→ Aim of the exercise:
Would you return exactly the lines below from the line with "this 960×1280 image." through the line with "Some of the words", both included, and nothing else, leaving out the pictures?

**** Data section ****

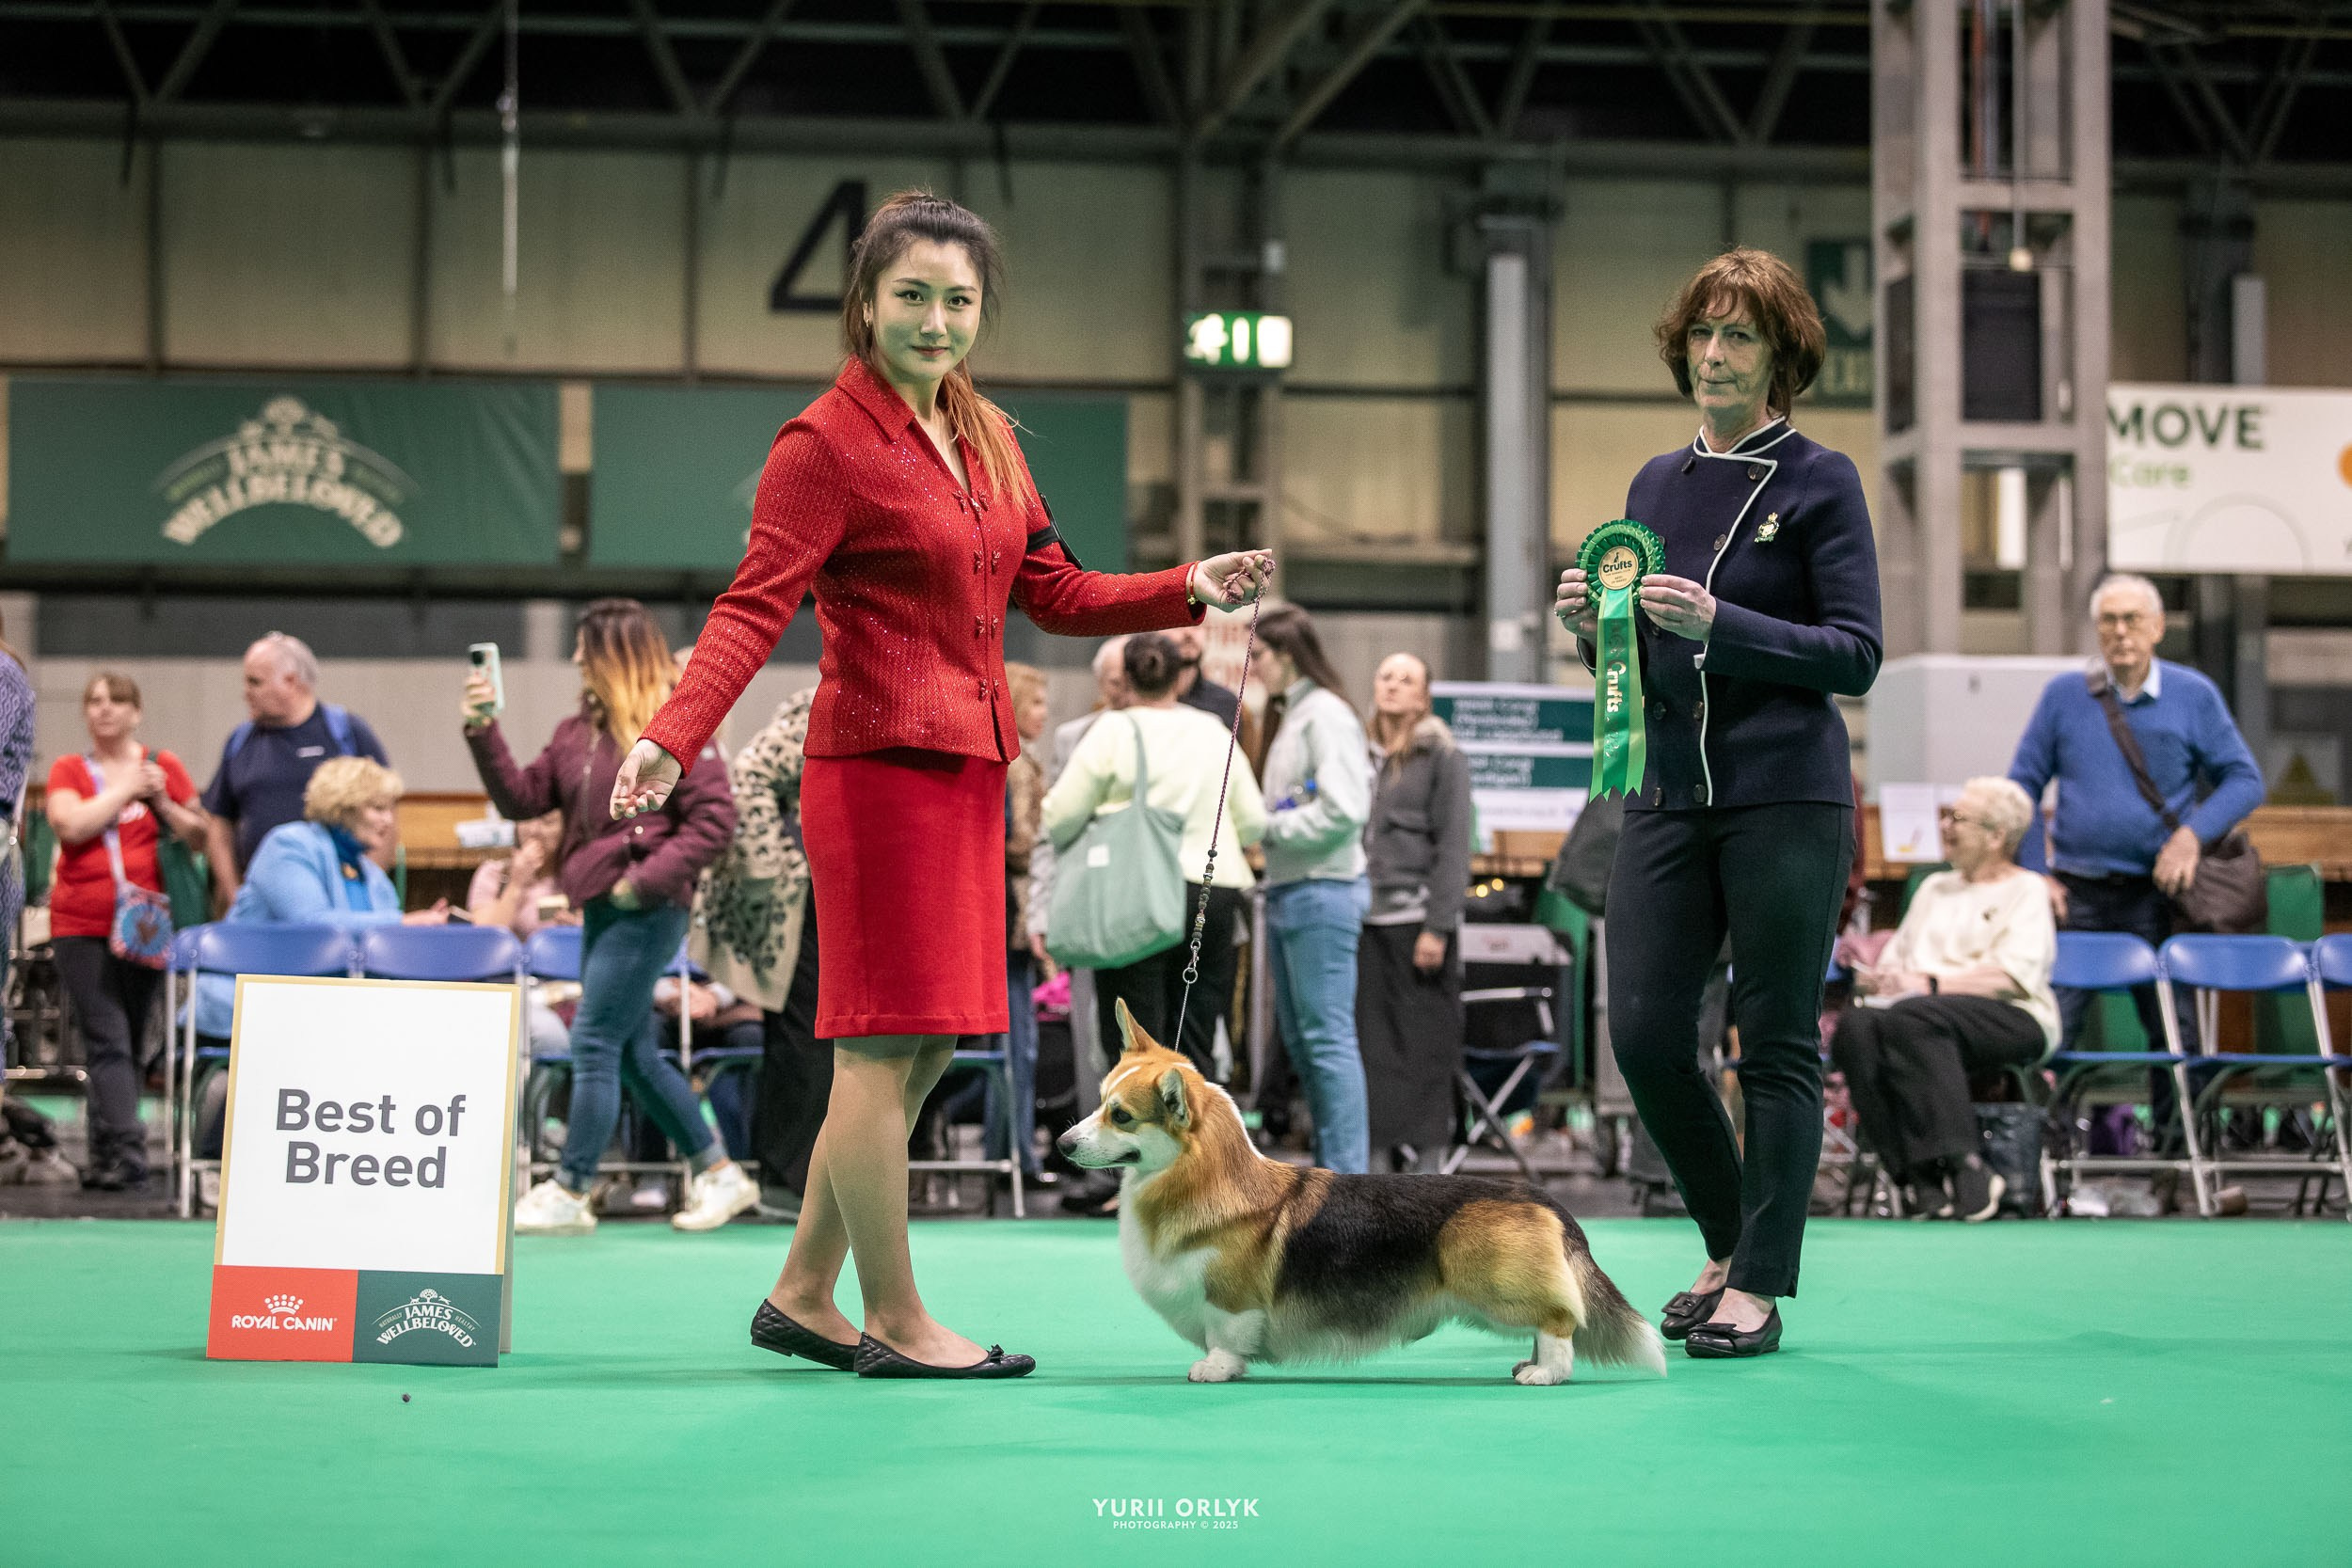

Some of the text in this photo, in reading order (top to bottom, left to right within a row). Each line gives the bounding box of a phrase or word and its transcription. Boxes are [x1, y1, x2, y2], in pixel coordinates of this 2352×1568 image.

****
**** Data section ****

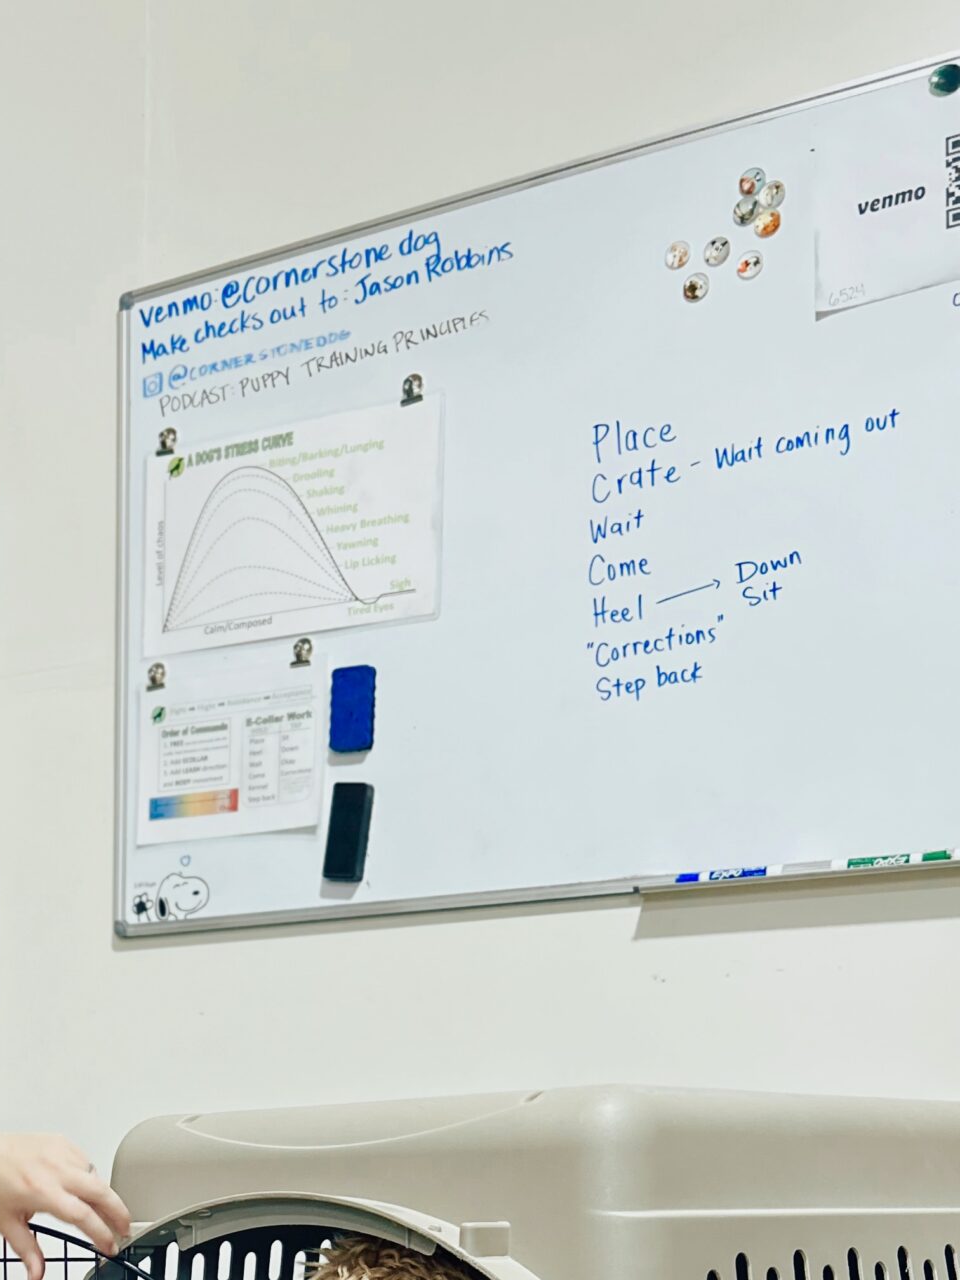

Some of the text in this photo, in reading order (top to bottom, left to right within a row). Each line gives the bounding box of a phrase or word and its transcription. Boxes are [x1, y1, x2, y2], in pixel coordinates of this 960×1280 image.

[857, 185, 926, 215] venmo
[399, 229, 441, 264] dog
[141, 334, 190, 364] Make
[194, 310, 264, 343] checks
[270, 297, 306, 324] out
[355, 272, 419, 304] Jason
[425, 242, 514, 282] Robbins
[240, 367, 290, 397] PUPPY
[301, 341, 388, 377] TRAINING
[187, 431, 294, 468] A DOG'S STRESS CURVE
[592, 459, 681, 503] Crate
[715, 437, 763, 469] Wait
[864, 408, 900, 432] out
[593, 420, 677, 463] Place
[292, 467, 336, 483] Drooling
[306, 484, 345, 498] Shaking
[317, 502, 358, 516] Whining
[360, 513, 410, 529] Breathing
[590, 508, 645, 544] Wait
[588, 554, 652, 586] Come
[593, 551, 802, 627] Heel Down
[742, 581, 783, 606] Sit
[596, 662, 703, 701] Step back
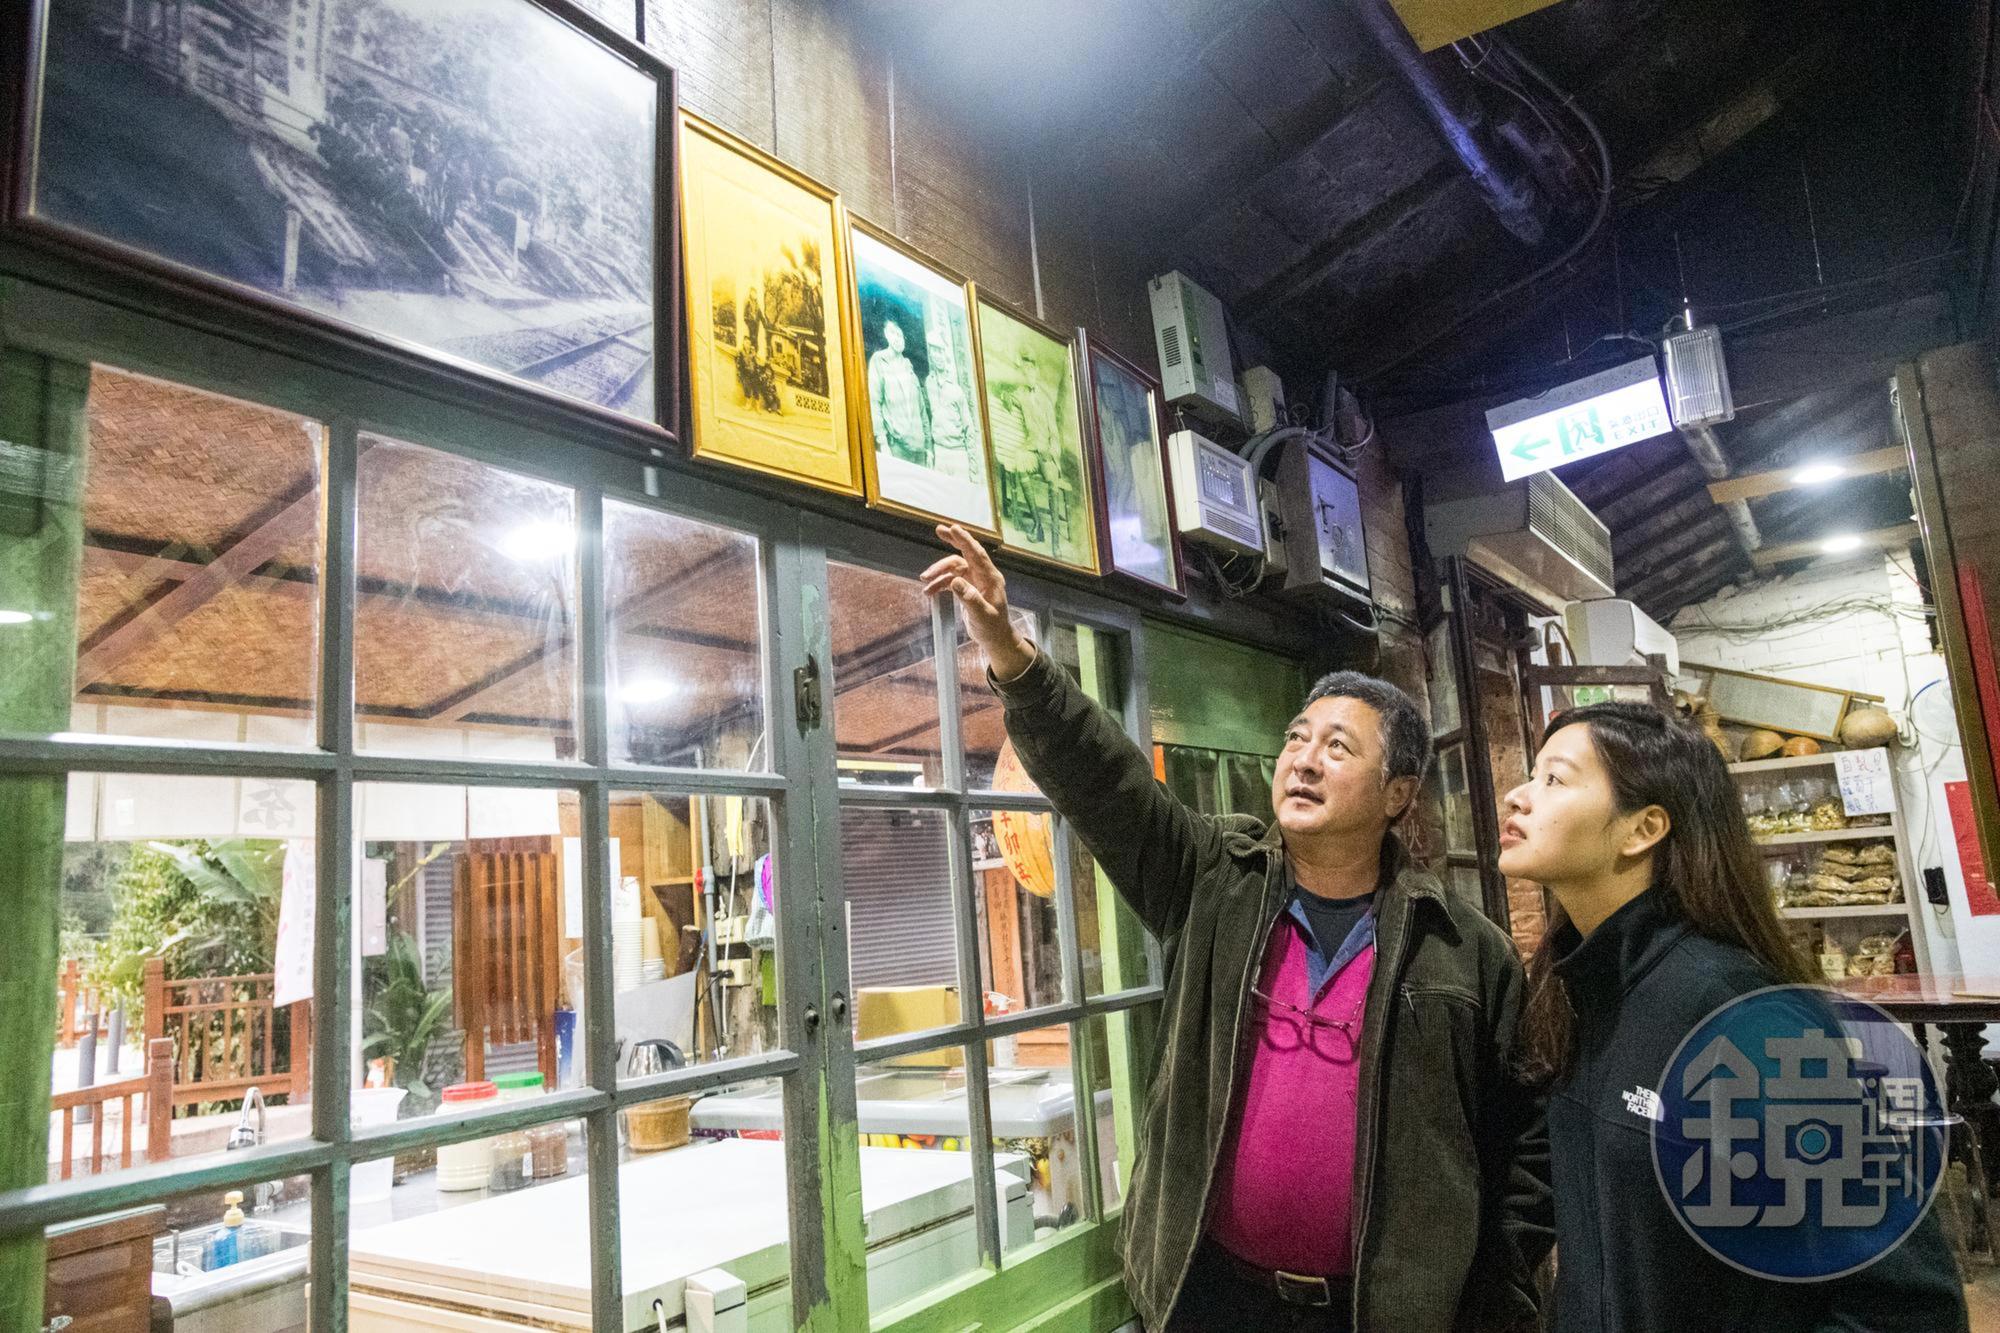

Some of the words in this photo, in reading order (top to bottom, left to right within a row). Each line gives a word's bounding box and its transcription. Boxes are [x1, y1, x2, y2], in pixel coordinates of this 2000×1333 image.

****

→ The completed task:
Some of the text in this photo, in reading order (top to bottom, left to right within a row). Each line gives the bounding box of a phrase or word and its transcription. Boxes are [x1, y1, x2, y2], in pixel coordinates of this 960×1280 image.

[857, 185, 926, 215] venmo
[399, 229, 441, 264] dog
[141, 334, 190, 364] Make
[194, 310, 264, 343] checks
[270, 297, 306, 324] out
[355, 272, 419, 304] Jason
[425, 242, 514, 282] Robbins
[240, 367, 290, 397] PUPPY
[301, 341, 388, 377] TRAINING
[187, 431, 294, 468] A DOG'S STRESS CURVE
[592, 459, 681, 503] Crate
[715, 437, 763, 469] Wait
[864, 408, 900, 432] out
[593, 420, 677, 463] Place
[292, 467, 336, 483] Drooling
[306, 484, 345, 498] Shaking
[317, 502, 358, 516] Whining
[360, 513, 410, 529] Breathing
[590, 508, 645, 544] Wait
[588, 554, 652, 586] Come
[593, 551, 802, 627] Heel Down
[742, 581, 783, 606] Sit
[596, 662, 703, 701] Step back

Some of the words in this photo, in reading order (top to bottom, left to right within a row). Each line gives a word's bounding box and its transcription. Boxes are [x1, y1, x2, y2], in pixel coordinates of this 2000×1333 image.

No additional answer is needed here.